Setelah blockchain, kita beralih ke pemancar radio. Menara radio (gambar di bawah) memancarkan sinyal radio ke seluruh area. Pada area yang dekat dengan pemancar, pendengar dapat menikmati suara lagu dengan nikmat. Namun untuk pendengar radio yang berada di pinggir kota, jauh dari pemancar, lantunan lagu yang ia dengar juga menurun kualitasnya, kresek-kresek, atau hilang timbul, atau bahkan tak bisa mendengar suara sama sekali. Oleh karena itu perlu solusi agar pesan bisa sampai ke tempat yang lebih jauh, misal dengan relay (pemancar ulang) atau dengan satelit yang dapat memancarkan sinyal radio secara global, sehingga cakupan area yang bisa menerima informasi jauh lebih luas. Situasi penyampaian pesan lewat radio bisa digambarkan seperti ini.[2]

Sekarang kita kembali lagi ke pertanyaan. Mengapa hanya Al Qur'an yang dijaga sampai saat ini, sedangkan kitab 4 yang lainnya tidak?

Para Rasul bertugas mengajarkan kitab (tulisan) dan hikmah (pesan). Di sini saya mencoba menganalogikan sebagai data dan informasi.

Pada era Nabi Nuh, Hud, Shaleh, Allah menjaga pesan dengan centralized dan cakupan area nya adalah kaum para Rasul itu saja. Menjaga data (tulisan) masih belum efektif, karena media penyimpanan data (storage) yang bisa bertahan lama saat itu belum tersedia.

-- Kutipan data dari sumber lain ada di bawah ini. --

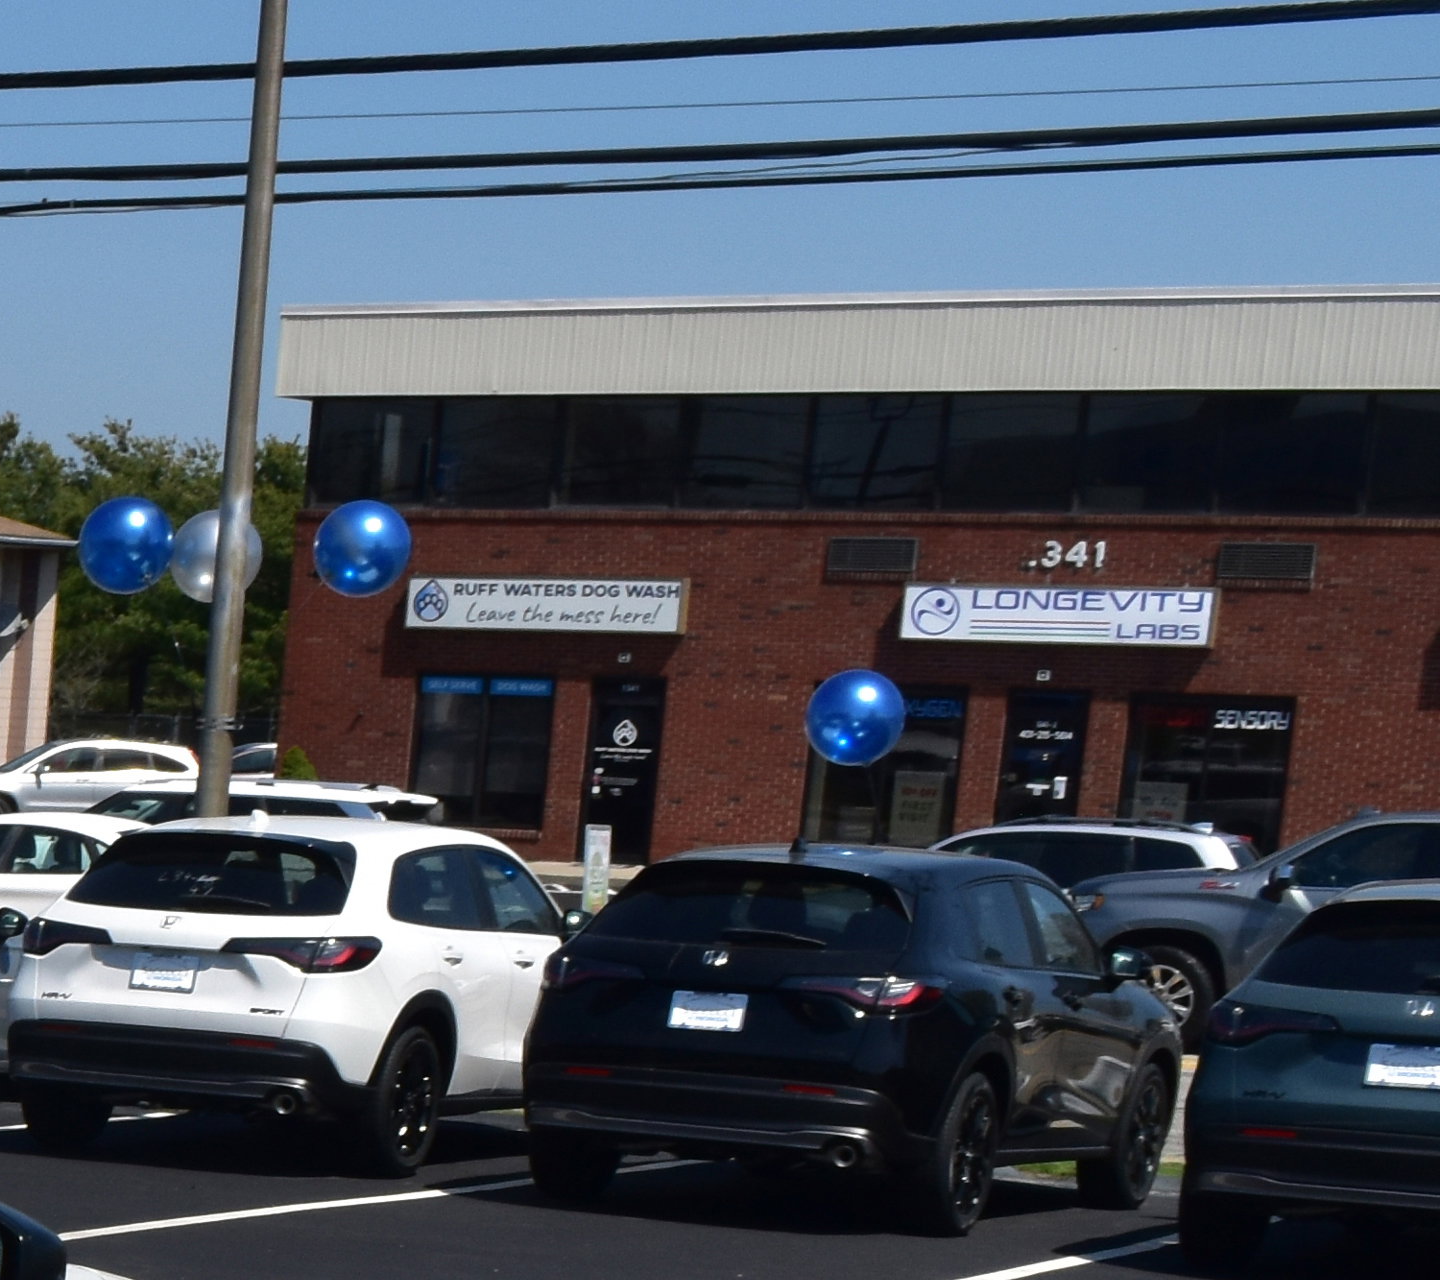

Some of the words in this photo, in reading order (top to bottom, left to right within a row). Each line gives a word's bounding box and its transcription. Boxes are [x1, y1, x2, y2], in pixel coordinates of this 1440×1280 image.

[453, 583, 498, 596] RUFF
[504, 583, 577, 597] WATERS
[581, 584, 620, 597] DOG
[626, 585, 680, 599] WASH
[971, 590, 1205, 613] LONGEVITY
[466, 602, 515, 624] Leave
[522, 604, 553, 623] the
[559, 608, 602, 624] mess
[609, 604, 663, 625] here!
[1116, 623, 1201, 640] LABS
[1213, 709, 1290, 731] SENSORY
[249, 1007, 285, 1016] SPORT
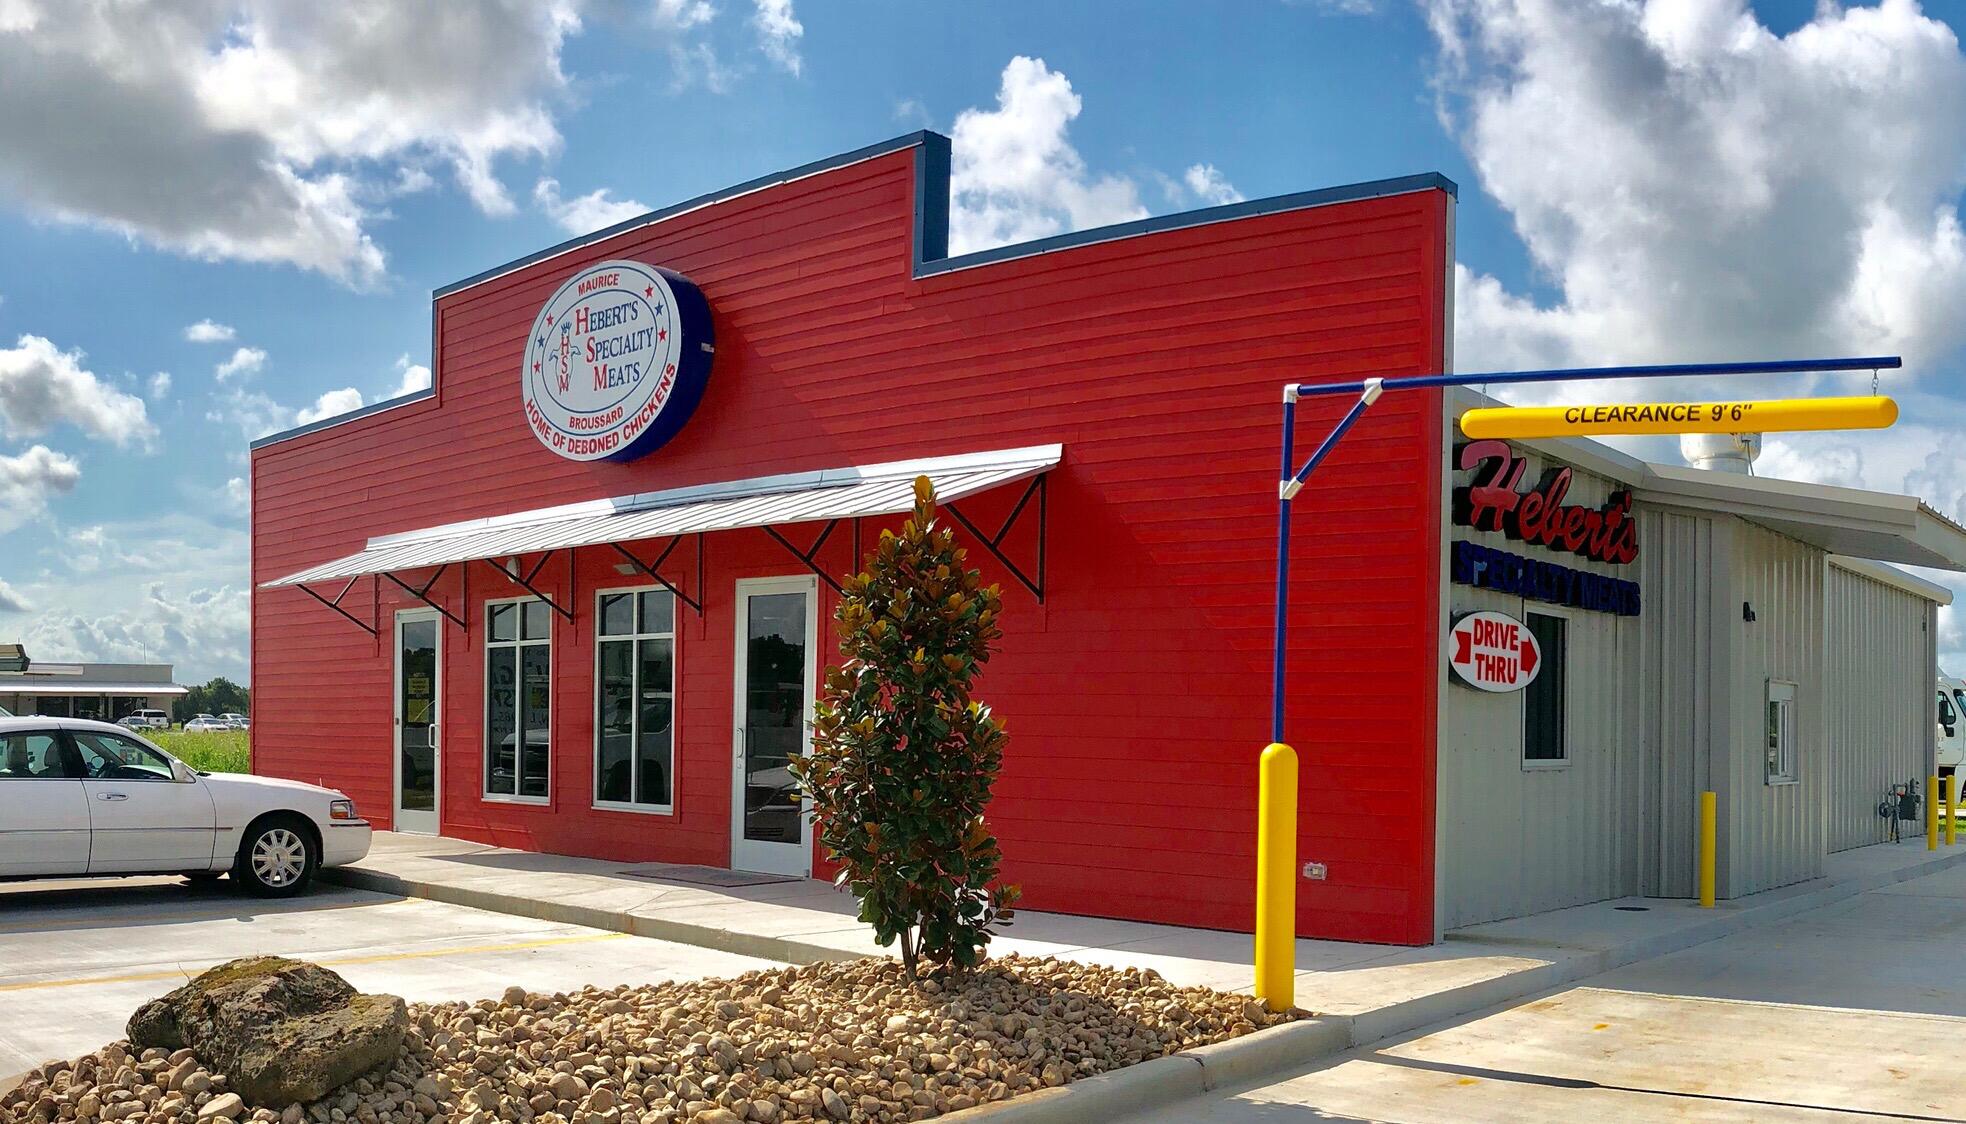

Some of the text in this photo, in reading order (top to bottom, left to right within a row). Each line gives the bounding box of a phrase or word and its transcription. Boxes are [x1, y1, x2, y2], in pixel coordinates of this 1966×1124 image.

[578, 273, 620, 296] MAURICE
[575, 300, 639, 336] HEBERT'S
[586, 326, 654, 364] SPECIALTY
[593, 361, 640, 392] MEATS
[525, 362, 676, 455] HOME OF DEBONED CHICKENS
[569, 406, 624, 430] BROUSSARD
[1565, 405, 1701, 424] CLEARANCE
[1461, 440, 1639, 564] Hebert's
[1455, 540, 1576, 607] SPECIALTY
[1473, 618, 1519, 652] DRIVE
[1475, 653, 1518, 684] THRU

Pada era Nabi Ibrahim hingga Nabi Isa, Allah menjaga data dan informasi menggunakan decentralized yaitu dengan kelompok yang disebut Bani Israel[3]. Kelompok ini mengangkat janji untuk menjaga kitab (tulisan) untuk disebarkan ke bangsa tempat mereka tinggal, sebagaimana Musa beranjak ke Fir'aun[4] dan Sulaiman ke beragam negeri yang ia taklukkan. Relay tongkat kenabian berlaku di kalangan Bani Israel untuk terus menjaga data dan informasi yang diturunkan oleh Allah. Media penyimpanan data juga sudah mulai banyak bermunculan, mulai dari kulit binatang yang bisa dijadikan lembaran, batu yang bisa dijadikan tablet, hingga papyrus yang dijadikan gulungan berisi tulisan. Namun media ini masih belum efektif dan efisien karena usia materialnya tidak dapat bertahan lama, berat hingga sulit untuk dibawa kemana saja. Pada proses relay di ahli kitab ini juga mungkin terjadi kesalahan transmisi data, dan sulit untuk melakukan crosscheck pada media yang sudah rusak.

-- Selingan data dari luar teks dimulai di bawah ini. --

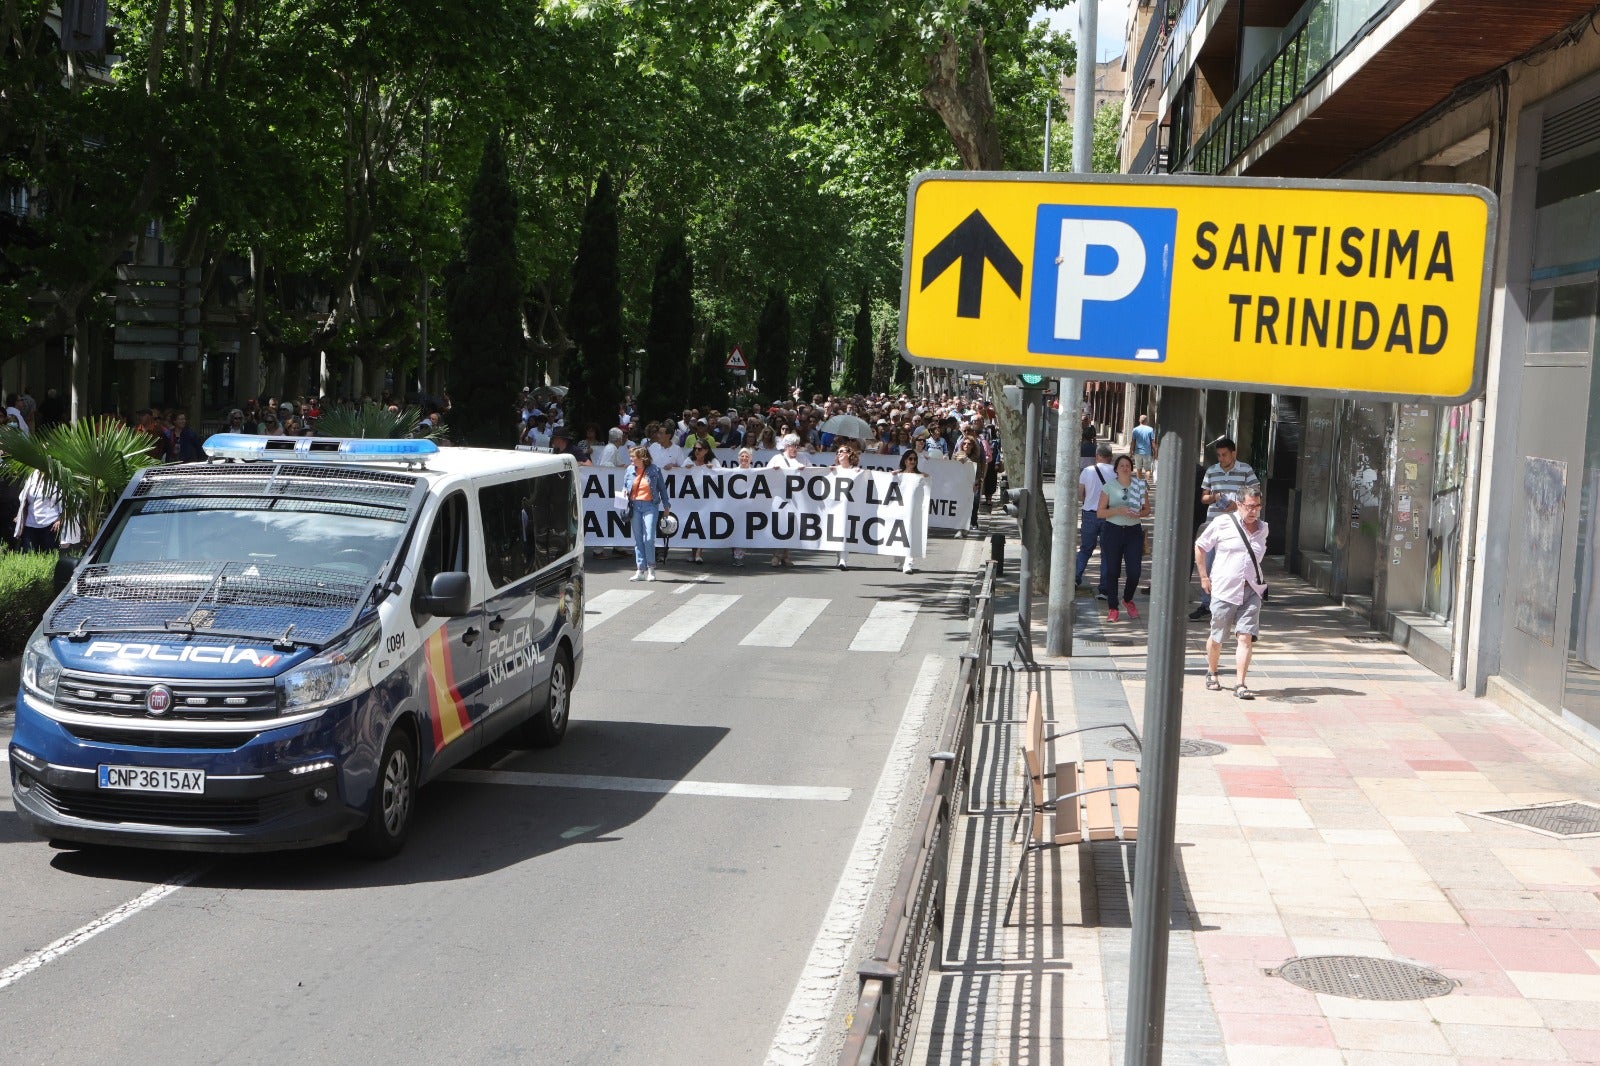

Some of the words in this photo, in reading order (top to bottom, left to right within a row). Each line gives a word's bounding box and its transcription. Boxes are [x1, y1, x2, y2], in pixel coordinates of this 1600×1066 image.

[1053, 218, 1146, 340] P
[1191, 220, 1455, 282] SANTISIMA
[1228, 293, 1449, 355] TRINIDAD
[785, 475, 855, 503] POR
[865, 479, 905, 507] LA
[745, 501, 911, 549] PÚBLICA
[488, 642, 546, 689] NACIONAL
[151, 694, 166, 707] FIAT
[107, 768, 202, 791] CNP3615AX

Pada era Nabi Muhammad, Allah menjaga Al Qur'an dengan metode yang lebih sempurna, yaitu metode Iqra[5] melalui hafalan manusia dan pena. Semua orang mempunyai akses ke ayat-ayat Qur'an, dan bisa saling mengoreksi apabila ada hafalan yang keliru. Nabi sebagai penerima pesan, mengkodekan dalam bentuk tulisan arab pada media yang lebih portable dan bisa diduplikasi secara massal. Teknologi penyimpanan data saat itu sudah cukup canggih dengan ditemukannya kertas[6] sehingga tugas Nabi kala itu adalah menghimpun pemuda yang pandai tulis menulis dan kemudian ditempatkan pada rumahnya untuk menulis dan menghafal Al Qur'an. Pemuda-pemudi yang tinggal di rumah Nabi beserta keluarganya masuk ke dalam golongan ahl-bayt[7] dan para penulis serta penghafal itu disebut sebagai Al Qari.[8] Para Qari dapat menularkan data dan informasi tersebut ke orang lain, sehingga penyebaran Al Qur'an menjadi lebih pesat dan tidak tersentralisasi. Apabila ada ayat baru yang turun ke Rasul, maka beliau dapat menyebarkan informasi ini dengan cepat, dan setiap orang bisa saling memverifikasi.

Selain itu Nabi juga tidak terafiiiasi dengan para ahli kitab (teknologi menara), dan beliau dikirimkan sebagai rahmatan lil alamin, sehingga bisa dianalogikan daya pancar pesan beliau seperti satelit yang bisa menutupi seluruh permukaan bumi. Gabungan teknologi, sistem dan goal inilah yang membuat Al Qur'an tetap terjaga.

Menjawab pertanyaan di atas, Allah tetap menjaga semua pesan (zikir) Nya sesuai dengan perkembangan peradaban manusia seperti yang tertulis pada Al Hijr ayat 9.

إِنَّا نَحْنُ نَزَّلْنَا ٱلذِّكْرَ وَإِنَّا لَهُۥ لَحَٰفِظُونَ

innā naḥnu nazzalnaż-żikra wa innā lahụ laḥāfiẓụ

.Sesungguhnya Kami-lah yang menurunkan Pesan Pengingat, dan sesungguhnya Kami benar-benar memeliharanya, Allah mengetahui yang sebenarnya.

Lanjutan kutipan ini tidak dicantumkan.